Author(s) :

Aarav Patel.

Volume/Issue :

Abstract :

First discovered in 1938, cystic fibrosis was determined to be a disease affecting the pancreas, gastrointestinal tract, reproductive organs, and lungs. It was later discovered to be a recessively inherited autosomal disease characterized by mutations in the cystic fibrosis transmembrane conductance regulator gene which results in dysfunctional ion transport proteins in epithelial cells. Impaired ion transport leads to viscous mucus, which can cause pulmonary infection, pancreatitis, malabsorption, and infertility. Cystic fibrosis can be diagnosed during newborn screenings either by the sweat chloride tests or trypsinogen tests. It is estimated that 105,000 people worldwide have cystic fibrosis, and Caucasian people are known to have the highest prevalence. Treatments do exist to lessen the symptoms of cystic fibrosis, but they do not ensure a lifetime cure.
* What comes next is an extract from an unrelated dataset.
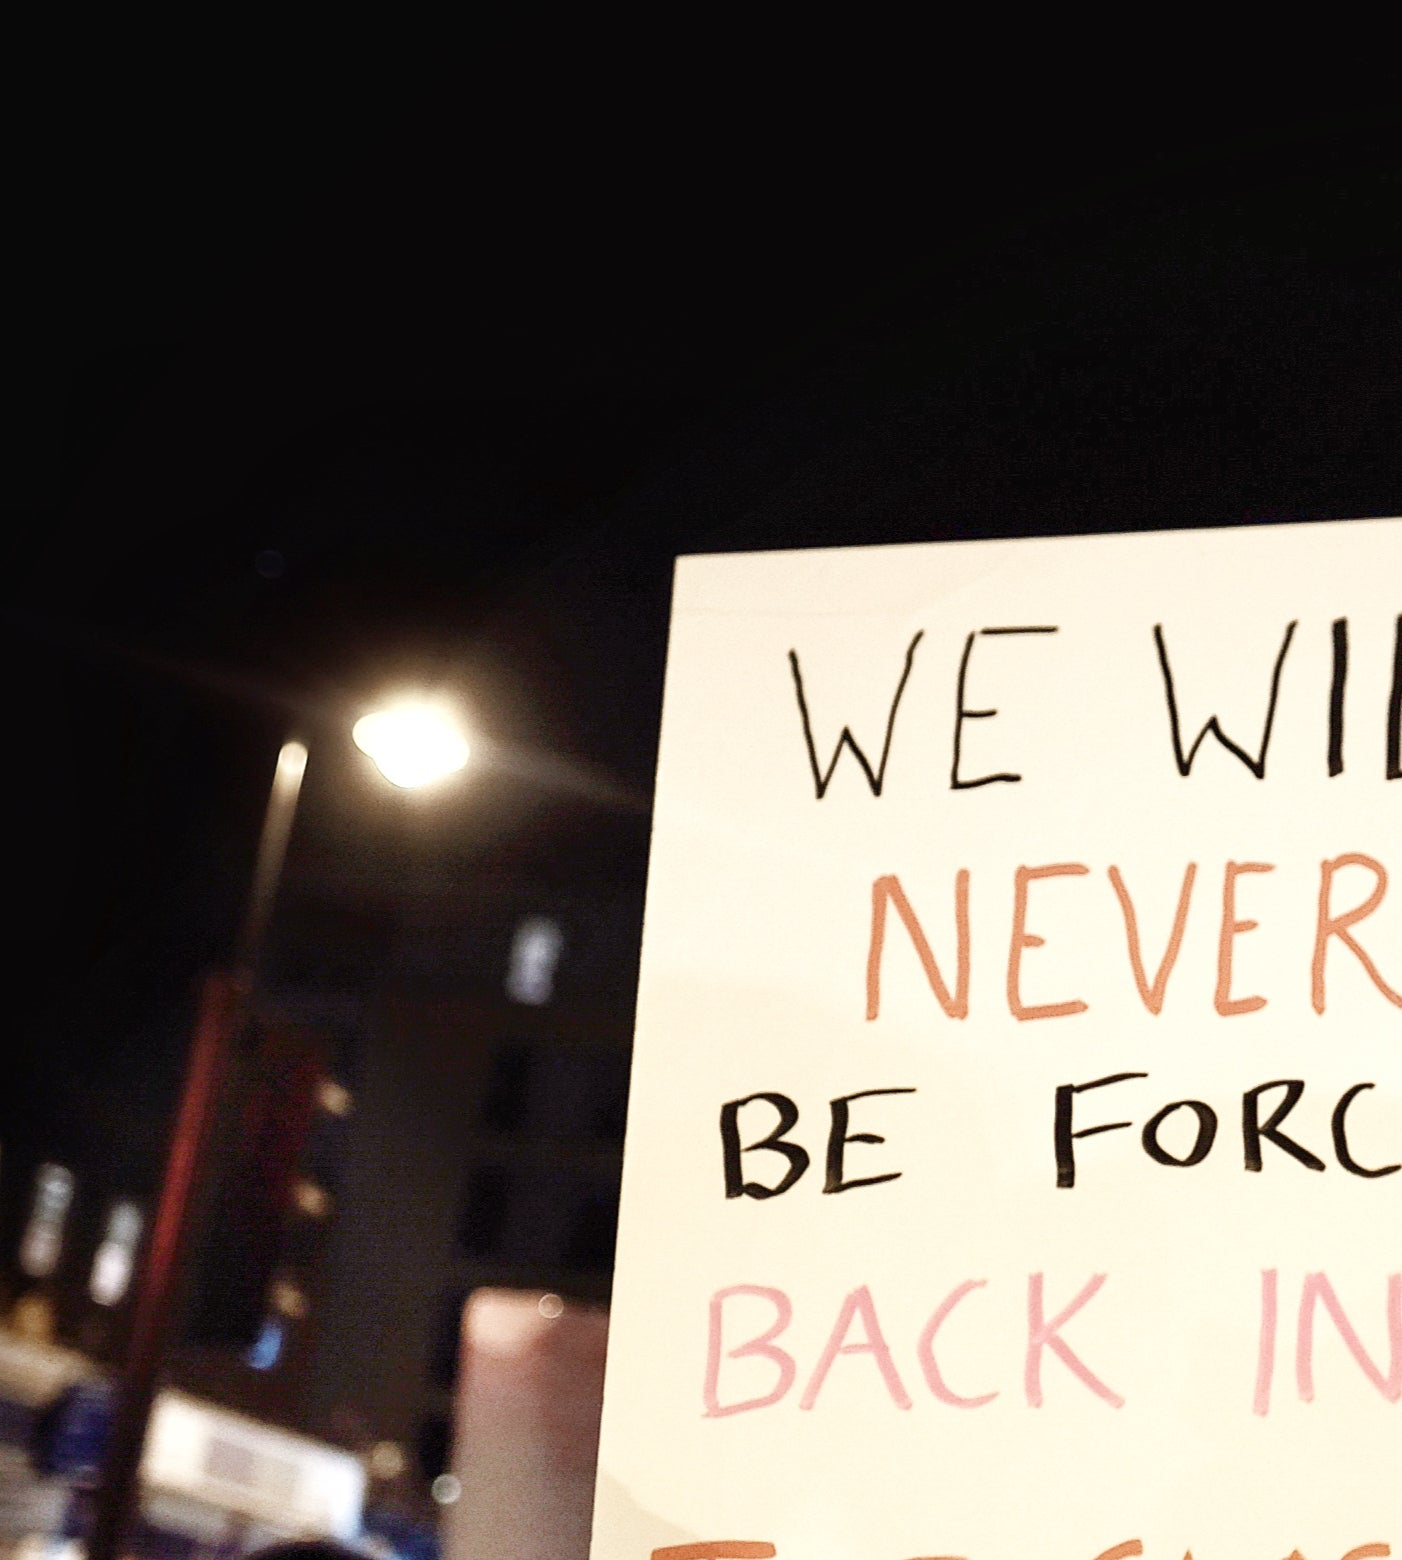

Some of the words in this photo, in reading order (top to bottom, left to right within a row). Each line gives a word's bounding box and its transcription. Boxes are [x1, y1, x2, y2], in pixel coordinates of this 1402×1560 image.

[789, 627, 1056, 799] WE
[721, 1090, 916, 1199] BE
[704, 1273, 1122, 1418] BACK
Current research is focused on developing modern types of treatments for cystic fibrosis, such as gene editing therapies. Early results from studies with mRNA therapies and CRISPR/Cas9 technology show promising results for future treatment. Potentially curative therapies like CRISPR could lead to improvement in the quality of life of cystic fibrosis patients and an increase in life expectancy.